The biggest technology giant, Amazon, plans to lay off around 10,000 employees in the future. This is seen as a bloodbath in the technological world after Twitter, and Facebook parent Meta significantly announced kicking the employees out of the organization.
As per the report shared by the New York Times, Amazon plans to lay off approximately 10,000 people in “corporate and technology jobs starting as soon as this week.” It has also been mentioned that the total layoffs of around 10,000 people could represent roughly 3% of Amazon’s corporate employees and less than 1% of its global workforce of more than 1.5 million, composed primarily of hourly workers.
The report said that the cuts would focus on Amazon’s devices organization, which includes the voice-assistant Alexa, its retail division, and human resources.
The plan was introduced right after the announcement by Twitter’s new owner, billionaire Elon Musk, to reduce the social media’s workforce by half by laying off 13% of its workforce or 11,000 employees.
Jeff Bezos told CNN that they are planning to give away approximately half his $124 billion. Rs. 10,04,100 crore net worth to charity over its lifetime.
The tech giants have decreased its headcount by almost 80,000 people.
Recently, Amazon has stopped the procedure of hiring teams in September. It stopped filling more than 10,000 open roles in its core retail business in October. Two weeks ago, the company froze hiring in its cloud computing division. The step was so sudden that recruiters received information regarding the points for job candidates almost a week later.
Amazon’s planned retrenchment during the critical holiday shopping season has typically been valued as stable. Thus, it reflects how quickly the souring global economy has pressured it to trim businesses that have been overstaffed or under-delivering for years.

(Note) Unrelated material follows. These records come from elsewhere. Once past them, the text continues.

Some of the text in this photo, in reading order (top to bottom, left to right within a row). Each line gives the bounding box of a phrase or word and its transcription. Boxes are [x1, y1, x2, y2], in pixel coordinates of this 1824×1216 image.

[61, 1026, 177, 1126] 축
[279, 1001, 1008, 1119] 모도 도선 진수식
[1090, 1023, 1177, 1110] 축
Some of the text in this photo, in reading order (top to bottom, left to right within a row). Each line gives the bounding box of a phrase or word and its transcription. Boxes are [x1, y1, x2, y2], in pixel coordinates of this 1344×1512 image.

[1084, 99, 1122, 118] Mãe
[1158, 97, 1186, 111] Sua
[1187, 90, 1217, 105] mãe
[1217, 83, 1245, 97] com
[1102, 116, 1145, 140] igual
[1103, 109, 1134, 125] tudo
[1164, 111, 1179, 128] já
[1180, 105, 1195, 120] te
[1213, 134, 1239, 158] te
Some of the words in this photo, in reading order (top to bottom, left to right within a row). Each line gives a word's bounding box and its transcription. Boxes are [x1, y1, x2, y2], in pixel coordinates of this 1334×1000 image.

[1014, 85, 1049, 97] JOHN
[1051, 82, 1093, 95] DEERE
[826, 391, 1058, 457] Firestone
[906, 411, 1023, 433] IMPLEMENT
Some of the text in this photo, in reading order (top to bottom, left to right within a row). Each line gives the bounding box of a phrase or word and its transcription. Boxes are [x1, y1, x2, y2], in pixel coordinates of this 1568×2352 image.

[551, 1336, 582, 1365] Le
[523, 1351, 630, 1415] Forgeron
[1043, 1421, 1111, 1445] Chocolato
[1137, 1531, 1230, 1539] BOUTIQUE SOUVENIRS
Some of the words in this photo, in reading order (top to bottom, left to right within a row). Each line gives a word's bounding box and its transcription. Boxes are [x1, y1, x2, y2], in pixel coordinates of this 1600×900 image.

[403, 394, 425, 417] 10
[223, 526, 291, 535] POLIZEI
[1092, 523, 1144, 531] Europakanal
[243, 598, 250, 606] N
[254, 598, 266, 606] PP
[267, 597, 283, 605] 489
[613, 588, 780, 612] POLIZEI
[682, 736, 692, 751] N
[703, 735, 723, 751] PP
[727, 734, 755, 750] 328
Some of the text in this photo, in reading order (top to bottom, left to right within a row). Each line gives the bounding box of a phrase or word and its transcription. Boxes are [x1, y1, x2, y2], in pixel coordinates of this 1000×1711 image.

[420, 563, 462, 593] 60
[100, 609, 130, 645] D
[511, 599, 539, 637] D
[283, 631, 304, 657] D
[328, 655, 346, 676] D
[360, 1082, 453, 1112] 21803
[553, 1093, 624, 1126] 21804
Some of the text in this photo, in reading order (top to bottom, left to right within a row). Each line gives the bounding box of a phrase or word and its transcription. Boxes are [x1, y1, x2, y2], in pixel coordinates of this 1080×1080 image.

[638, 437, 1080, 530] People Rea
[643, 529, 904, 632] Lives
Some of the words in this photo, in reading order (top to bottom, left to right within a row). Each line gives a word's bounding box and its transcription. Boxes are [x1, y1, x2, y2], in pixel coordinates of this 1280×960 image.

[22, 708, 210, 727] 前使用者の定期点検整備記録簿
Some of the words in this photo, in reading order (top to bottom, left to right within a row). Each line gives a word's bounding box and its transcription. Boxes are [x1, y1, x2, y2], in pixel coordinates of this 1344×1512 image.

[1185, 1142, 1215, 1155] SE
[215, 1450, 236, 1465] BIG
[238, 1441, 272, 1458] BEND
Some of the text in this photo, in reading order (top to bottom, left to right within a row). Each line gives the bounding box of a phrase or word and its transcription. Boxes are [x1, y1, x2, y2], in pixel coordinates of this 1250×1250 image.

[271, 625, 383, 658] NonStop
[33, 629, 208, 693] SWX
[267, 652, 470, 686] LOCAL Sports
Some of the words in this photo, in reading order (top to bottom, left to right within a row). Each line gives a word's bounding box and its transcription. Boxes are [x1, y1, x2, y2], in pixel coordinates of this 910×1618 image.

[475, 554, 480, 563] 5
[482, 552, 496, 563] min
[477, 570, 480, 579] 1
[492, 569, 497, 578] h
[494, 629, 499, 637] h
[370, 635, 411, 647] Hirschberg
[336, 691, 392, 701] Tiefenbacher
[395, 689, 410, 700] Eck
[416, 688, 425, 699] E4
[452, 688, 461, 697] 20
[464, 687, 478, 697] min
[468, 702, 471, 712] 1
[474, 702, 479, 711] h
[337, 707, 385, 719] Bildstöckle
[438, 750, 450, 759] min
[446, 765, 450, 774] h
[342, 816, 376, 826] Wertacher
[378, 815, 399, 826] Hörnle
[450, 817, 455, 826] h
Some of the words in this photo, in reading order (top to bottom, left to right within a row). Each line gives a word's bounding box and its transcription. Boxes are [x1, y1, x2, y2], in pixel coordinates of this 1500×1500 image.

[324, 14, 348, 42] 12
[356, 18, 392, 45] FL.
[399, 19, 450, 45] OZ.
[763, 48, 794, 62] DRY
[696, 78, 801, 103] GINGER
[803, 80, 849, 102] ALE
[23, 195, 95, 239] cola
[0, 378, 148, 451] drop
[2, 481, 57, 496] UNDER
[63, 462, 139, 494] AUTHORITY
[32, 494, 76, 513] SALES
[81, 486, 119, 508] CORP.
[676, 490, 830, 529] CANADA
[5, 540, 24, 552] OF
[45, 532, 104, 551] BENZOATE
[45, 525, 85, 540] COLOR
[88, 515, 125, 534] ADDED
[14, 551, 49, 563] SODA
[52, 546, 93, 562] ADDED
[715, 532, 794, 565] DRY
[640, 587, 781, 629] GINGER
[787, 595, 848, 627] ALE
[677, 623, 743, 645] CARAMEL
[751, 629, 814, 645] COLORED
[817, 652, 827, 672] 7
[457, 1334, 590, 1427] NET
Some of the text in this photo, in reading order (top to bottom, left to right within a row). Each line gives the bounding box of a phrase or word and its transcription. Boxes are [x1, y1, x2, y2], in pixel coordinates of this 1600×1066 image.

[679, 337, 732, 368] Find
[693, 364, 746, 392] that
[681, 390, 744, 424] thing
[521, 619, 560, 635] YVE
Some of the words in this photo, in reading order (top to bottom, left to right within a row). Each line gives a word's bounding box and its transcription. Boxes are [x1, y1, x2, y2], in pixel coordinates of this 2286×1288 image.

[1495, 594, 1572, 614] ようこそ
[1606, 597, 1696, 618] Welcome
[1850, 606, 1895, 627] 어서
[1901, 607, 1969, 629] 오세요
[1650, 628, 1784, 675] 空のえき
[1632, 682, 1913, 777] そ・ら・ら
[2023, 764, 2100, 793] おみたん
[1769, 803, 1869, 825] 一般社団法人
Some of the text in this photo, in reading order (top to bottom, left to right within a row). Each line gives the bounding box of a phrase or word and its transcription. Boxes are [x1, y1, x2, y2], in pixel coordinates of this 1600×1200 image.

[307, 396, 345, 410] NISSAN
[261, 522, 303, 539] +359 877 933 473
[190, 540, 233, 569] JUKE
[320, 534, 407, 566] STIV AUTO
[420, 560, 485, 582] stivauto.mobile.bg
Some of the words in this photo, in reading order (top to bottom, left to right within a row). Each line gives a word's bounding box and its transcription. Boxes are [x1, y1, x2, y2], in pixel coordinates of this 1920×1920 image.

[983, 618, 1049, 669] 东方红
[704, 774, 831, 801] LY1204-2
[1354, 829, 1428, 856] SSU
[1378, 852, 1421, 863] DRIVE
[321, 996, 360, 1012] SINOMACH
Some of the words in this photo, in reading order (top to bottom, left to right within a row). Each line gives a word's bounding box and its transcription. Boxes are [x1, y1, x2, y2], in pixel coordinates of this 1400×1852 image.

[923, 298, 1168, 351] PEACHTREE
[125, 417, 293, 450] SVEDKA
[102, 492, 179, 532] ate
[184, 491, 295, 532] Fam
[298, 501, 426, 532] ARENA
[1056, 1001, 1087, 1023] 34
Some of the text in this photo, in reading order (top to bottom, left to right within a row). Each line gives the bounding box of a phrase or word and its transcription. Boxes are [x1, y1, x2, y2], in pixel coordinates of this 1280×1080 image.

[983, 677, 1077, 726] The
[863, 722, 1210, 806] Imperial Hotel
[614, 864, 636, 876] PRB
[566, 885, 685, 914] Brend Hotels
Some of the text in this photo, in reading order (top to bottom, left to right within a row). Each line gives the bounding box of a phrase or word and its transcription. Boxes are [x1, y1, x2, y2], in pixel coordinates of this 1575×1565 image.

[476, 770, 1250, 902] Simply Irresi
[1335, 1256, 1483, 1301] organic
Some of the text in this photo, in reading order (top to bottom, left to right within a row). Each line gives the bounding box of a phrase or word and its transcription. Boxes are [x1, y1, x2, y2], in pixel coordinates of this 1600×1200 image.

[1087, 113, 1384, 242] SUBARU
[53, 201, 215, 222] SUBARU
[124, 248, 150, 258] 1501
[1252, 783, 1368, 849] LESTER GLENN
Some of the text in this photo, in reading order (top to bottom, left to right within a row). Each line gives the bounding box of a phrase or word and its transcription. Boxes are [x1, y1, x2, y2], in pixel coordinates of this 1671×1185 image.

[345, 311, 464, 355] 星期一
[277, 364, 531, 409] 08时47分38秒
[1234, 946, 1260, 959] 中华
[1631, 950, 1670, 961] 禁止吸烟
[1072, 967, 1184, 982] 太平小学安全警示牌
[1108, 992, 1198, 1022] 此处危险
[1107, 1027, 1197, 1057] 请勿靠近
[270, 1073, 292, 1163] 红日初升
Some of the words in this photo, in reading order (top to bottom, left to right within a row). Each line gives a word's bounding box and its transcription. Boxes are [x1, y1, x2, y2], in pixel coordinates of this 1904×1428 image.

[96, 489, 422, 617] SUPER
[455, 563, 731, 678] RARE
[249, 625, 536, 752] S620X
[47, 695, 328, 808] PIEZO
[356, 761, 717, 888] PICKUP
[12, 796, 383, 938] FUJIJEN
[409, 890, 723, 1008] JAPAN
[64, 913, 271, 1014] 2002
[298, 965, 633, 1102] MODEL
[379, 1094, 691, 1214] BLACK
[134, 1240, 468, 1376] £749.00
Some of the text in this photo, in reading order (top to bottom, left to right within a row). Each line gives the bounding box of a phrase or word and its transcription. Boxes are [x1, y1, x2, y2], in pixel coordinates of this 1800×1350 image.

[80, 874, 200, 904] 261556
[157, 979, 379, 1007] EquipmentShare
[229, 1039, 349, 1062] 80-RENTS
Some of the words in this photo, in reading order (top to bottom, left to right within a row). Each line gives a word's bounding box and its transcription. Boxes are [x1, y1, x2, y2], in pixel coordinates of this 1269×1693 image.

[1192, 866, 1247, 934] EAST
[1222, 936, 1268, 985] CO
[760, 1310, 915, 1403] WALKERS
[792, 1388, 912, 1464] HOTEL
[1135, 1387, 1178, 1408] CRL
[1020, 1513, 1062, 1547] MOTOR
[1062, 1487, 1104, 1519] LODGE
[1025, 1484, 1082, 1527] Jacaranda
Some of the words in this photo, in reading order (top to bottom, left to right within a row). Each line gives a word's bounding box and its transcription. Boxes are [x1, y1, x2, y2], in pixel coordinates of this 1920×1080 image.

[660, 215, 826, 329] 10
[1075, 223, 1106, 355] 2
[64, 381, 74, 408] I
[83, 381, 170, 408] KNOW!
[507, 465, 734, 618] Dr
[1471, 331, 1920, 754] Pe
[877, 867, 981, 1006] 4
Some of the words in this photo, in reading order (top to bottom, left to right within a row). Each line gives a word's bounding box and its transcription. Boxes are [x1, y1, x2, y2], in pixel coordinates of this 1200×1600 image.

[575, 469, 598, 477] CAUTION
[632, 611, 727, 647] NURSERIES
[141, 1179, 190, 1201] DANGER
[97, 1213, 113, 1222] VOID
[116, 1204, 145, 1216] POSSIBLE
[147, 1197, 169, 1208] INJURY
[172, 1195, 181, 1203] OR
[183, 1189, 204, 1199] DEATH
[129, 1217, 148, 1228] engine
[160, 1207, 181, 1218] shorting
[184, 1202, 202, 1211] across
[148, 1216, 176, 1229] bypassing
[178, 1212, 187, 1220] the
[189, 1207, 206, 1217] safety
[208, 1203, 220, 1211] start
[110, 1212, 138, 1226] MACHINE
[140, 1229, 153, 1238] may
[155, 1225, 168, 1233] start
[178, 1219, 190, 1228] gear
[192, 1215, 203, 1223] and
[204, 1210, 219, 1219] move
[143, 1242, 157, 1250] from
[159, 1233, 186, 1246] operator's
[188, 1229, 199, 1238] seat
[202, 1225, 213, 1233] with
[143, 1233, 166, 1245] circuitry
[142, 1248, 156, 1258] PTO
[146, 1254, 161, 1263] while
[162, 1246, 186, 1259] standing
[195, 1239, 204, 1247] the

After experiencing the most profitable era during the COVID-19 pandemic, the exponential growth in online consumer, “Amazon’s growth slowed to the lowest rate in last two decades.” It has also been witnessed that as consumers flocked to online shopping and companies to Amazon’s cloud computing services, the tech giant doubled its workforce in two years and channelled its winnings into “expansion and experimentation so that it can identify the next big things.” However, as the world recovered from the pandemic, consumers preferred shopping for goods online. Amazon has experienced high costing from the decision to overinvest and rapidly expand, while changes in shopping habits and high inflation dented sales. Amazon’s retail business covering its physical and online retail business and logistics operations, has been “under strain” after the surge of demand and “breakneck expansion” during the pandemic. Amazon has also mentioned that the company has pulled back expansion plans.
The cooler-sized home delivery robot employed 400 people. Fabric.com that is a subsidiary that sold sewing supplies for 30 years. Brian Olsavsky, the finance chief, told investors that the company is following realistic factors weighing on people’s wallets. The New York Times report added that in recent months, Amazon had stopped several initiatives the company took, including Amazon Care, which provided primary and urgent health care after failing to find enough customers.
For Amazon, Devices and Alexa are at risk for cuts. The report marked that Alexa and related devices rocketed to a top company priority as Amazon raced to create the leading voice assistant, which leaders thought could succeed mobile phones as the following essential consumer interface. From 2017 to 2018, Amazon doubled its Alexa and Echo devices staff to around 10,000 engineers.